Princeton’s strong commitment to Middle East studies, its vast library resources,
and the easy mixing of undergraduates, graduate students, and faculty remain an
academic ideal for me.
I went to Israel again after receiving my B.A. in 1970. After spending
some time on Kibbutz Lahav, I began graduate study at the Hebrew University, where
Amnon Cohen, Yehoshafat Harkabi, Moshe Maoz, and Yehoshua Porath were among my
teachers. The occupation of the West Bank, East Jerusalem, and the Gaza Strip
influenced much of Israeli Middle East studies. Reuven Kaminer, Vice-Provost of the
School for Overseas Students, was a powerful influence during a turbulent period in
which I reevaluated much of what I thought I knew. I returned to the United States
and finished my M.A. at Harvard University in 1974.
I sought respite from Harvard by moving to Detroit where I worked on
the Arabic section of a monthly newspaper. I spent considerable time in the Arab
community of Dearborn’s South End, where I came to understand something about 20th
century Arab history and politics.
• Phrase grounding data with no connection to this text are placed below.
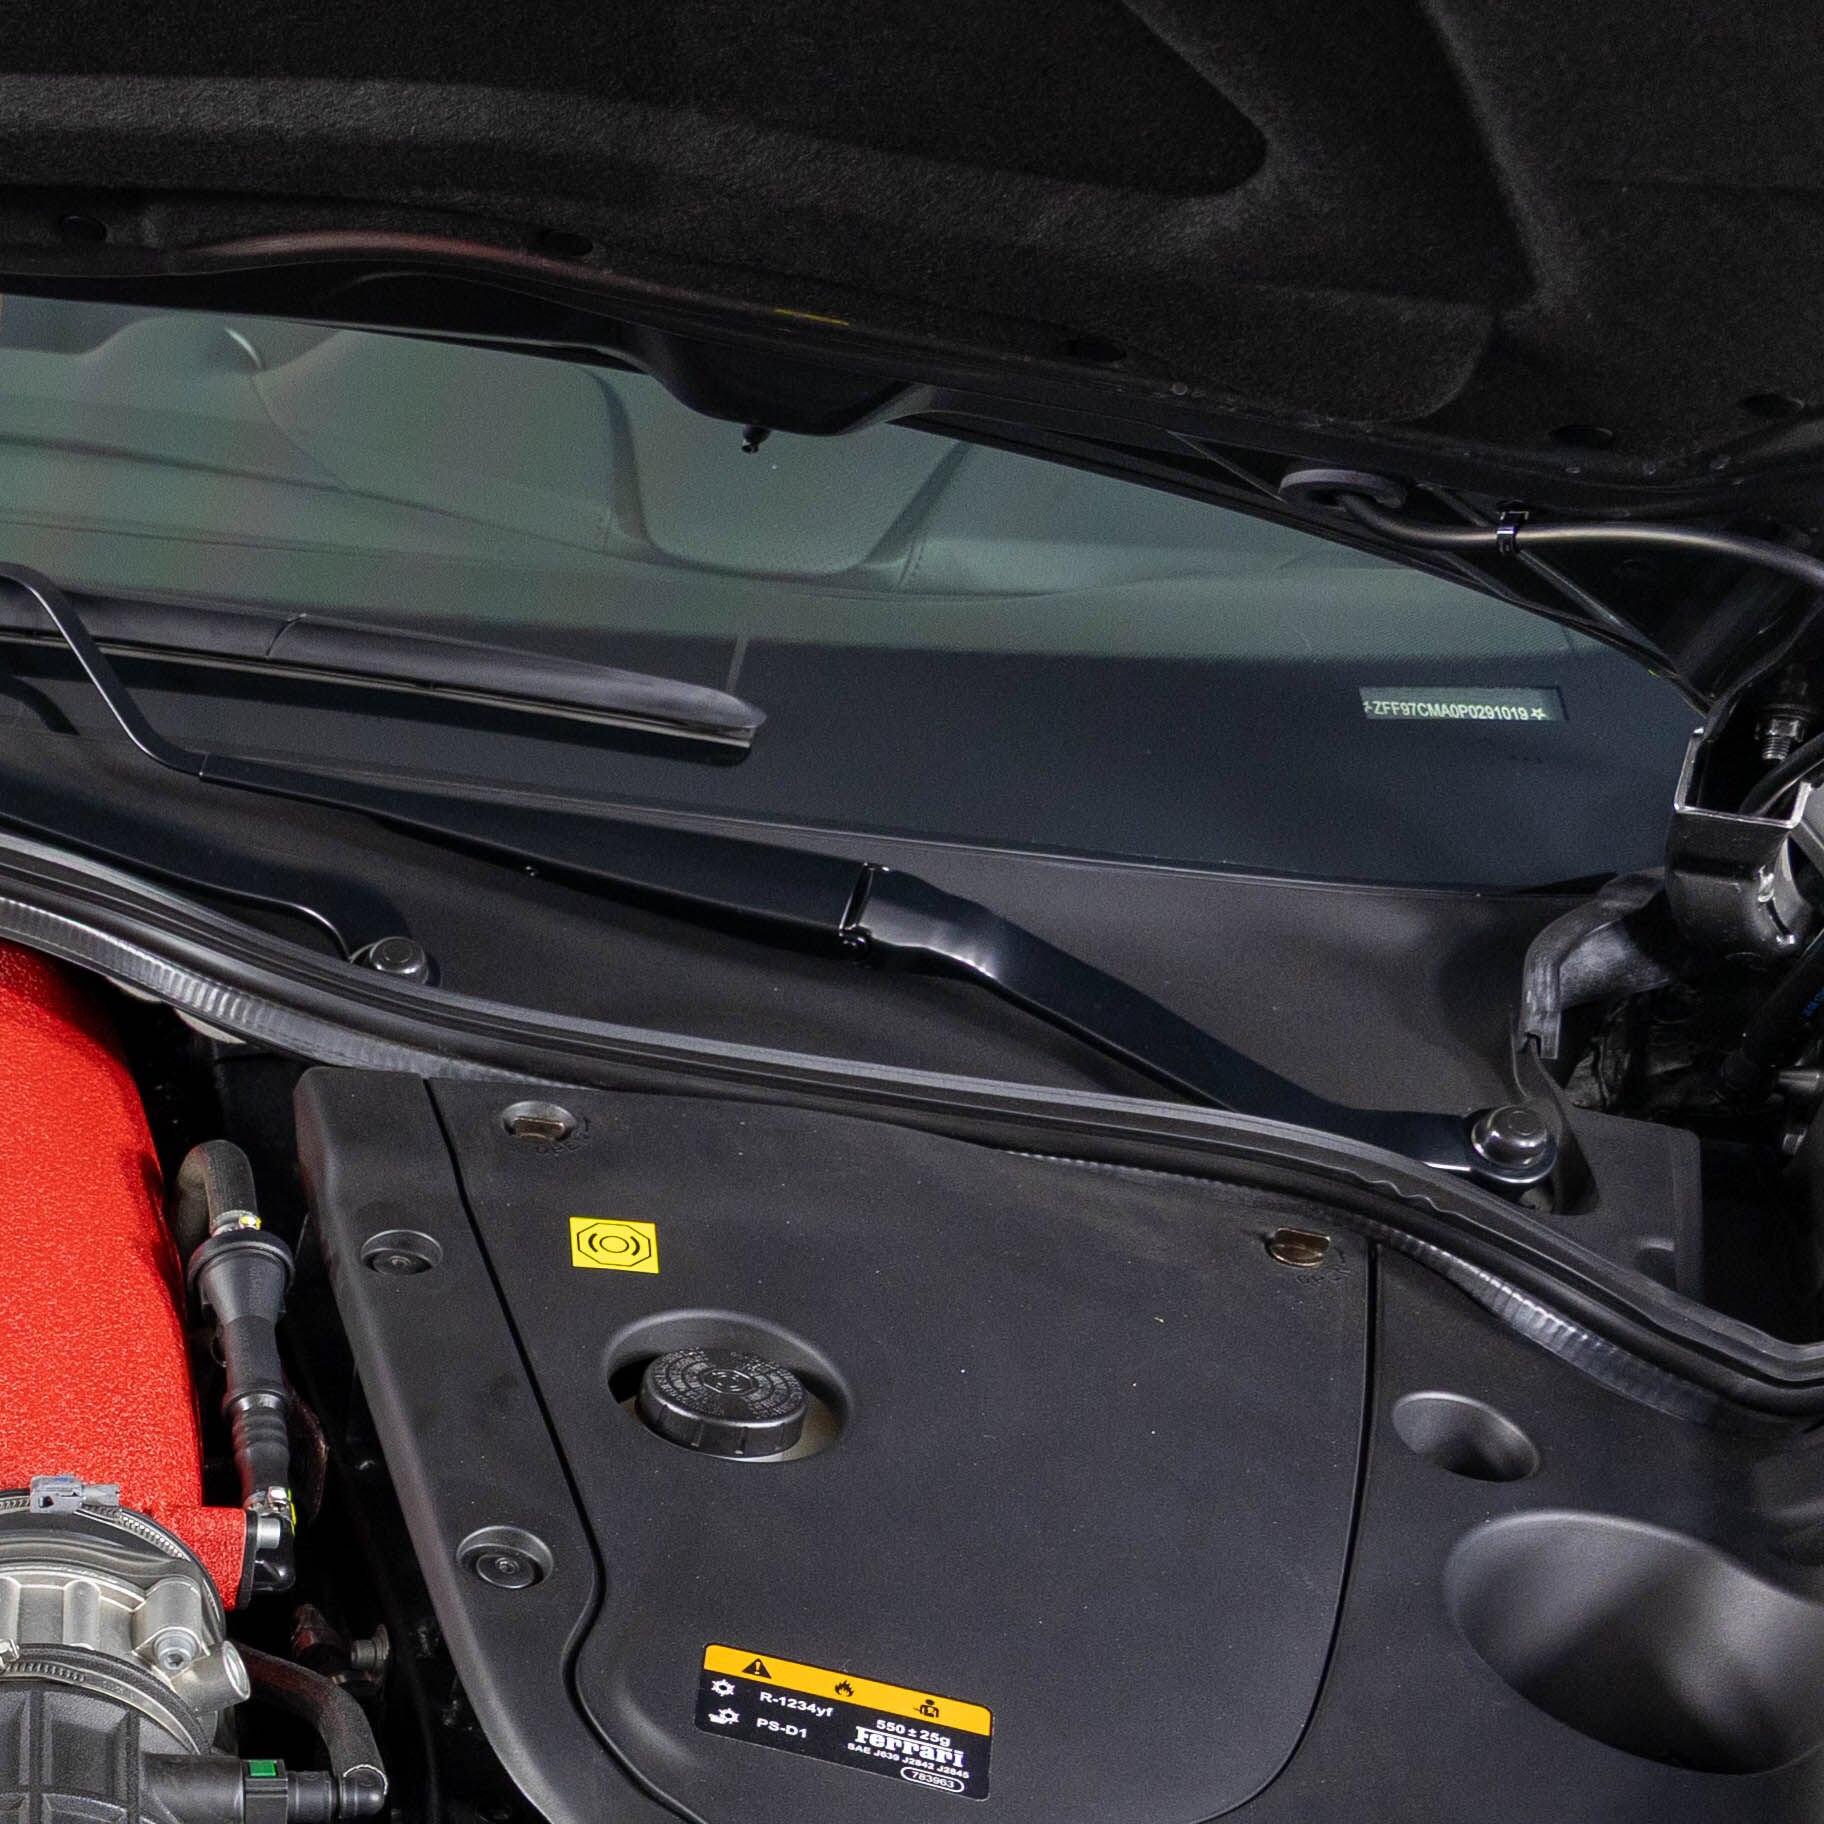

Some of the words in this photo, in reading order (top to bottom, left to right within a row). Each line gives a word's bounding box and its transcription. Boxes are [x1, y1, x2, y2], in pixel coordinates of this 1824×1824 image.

[759, 1691, 834, 1718] R-1234yf
[756, 1717, 808, 1739] PS-D1
[876, 1719, 906, 1735] 550
[919, 1729, 951, 1747] 25g
[848, 1743, 871, 1755] SAE
[854, 1726, 965, 1768] Ferrari
[912, 1770, 955, 1788] 783963
These experiences shaped my future doctoral
thesis.
When I returned to graduate school at the University of Michigan, the
late Ernest Abdel-Massih whipped my Arabic into shape and taught me colloquial
Egyptian. My doctoral advisor, the late Richard P. Mitchell, gave me the best bit
of
academic advice I ever received and one of the few I’ve followed. I proposed to
write a dissertation about the formation of the Palestinian Arab working class in
Mandate Palestine. “If you write a dissertation about Israel or Palestine,” he said,
“you won’t get a teaching position. Why not write about Egypt instead?” I did; and
this decision led to lasting relationships with Egyptian trade union leaders like
Taha Sa’d ‘Uthman and intellectuals in and around the labor movement including Yusuf
Darwish, Rif’at al-Sa’id, and Mohammed Sid-Ahmed.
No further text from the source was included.